(Data listing)
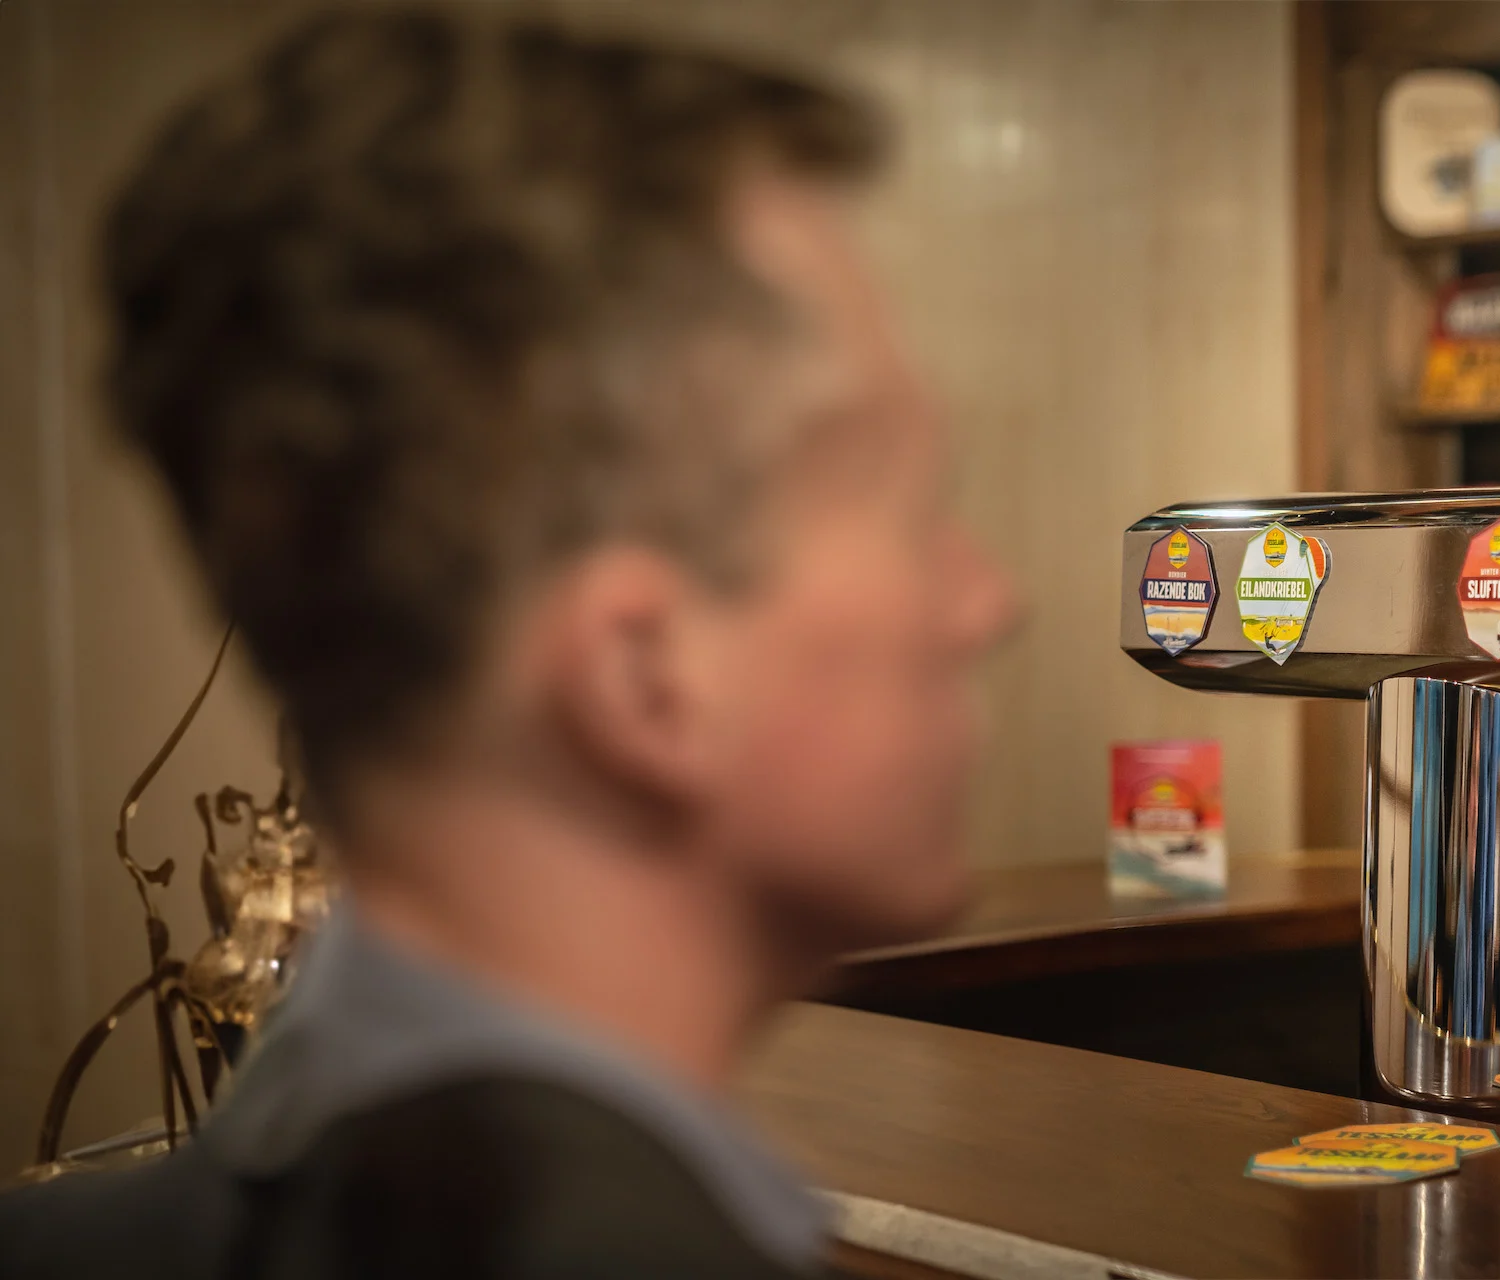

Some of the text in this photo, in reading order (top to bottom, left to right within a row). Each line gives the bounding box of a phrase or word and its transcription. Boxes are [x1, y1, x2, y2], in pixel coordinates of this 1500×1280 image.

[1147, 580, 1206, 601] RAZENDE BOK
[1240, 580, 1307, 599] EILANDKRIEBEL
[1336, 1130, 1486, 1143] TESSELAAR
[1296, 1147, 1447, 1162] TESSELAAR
(End Data listing)
The job here is to retype the data exactly, with no pictures included.

Some of the text in this photo, in reading order (top to bottom, left to right within a row). Each line gives the bounding box of a phrase or word and its transcription. Boxes are [x1, y1, x2, y2], in pixel coordinates of this 1500×1280 image.

[1147, 580, 1206, 601] RAZENDE BOK
[1240, 580, 1307, 599] EILANDKRIEBEL
[1336, 1130, 1486, 1143] TESSELAAR
[1296, 1147, 1447, 1162] TESSELAAR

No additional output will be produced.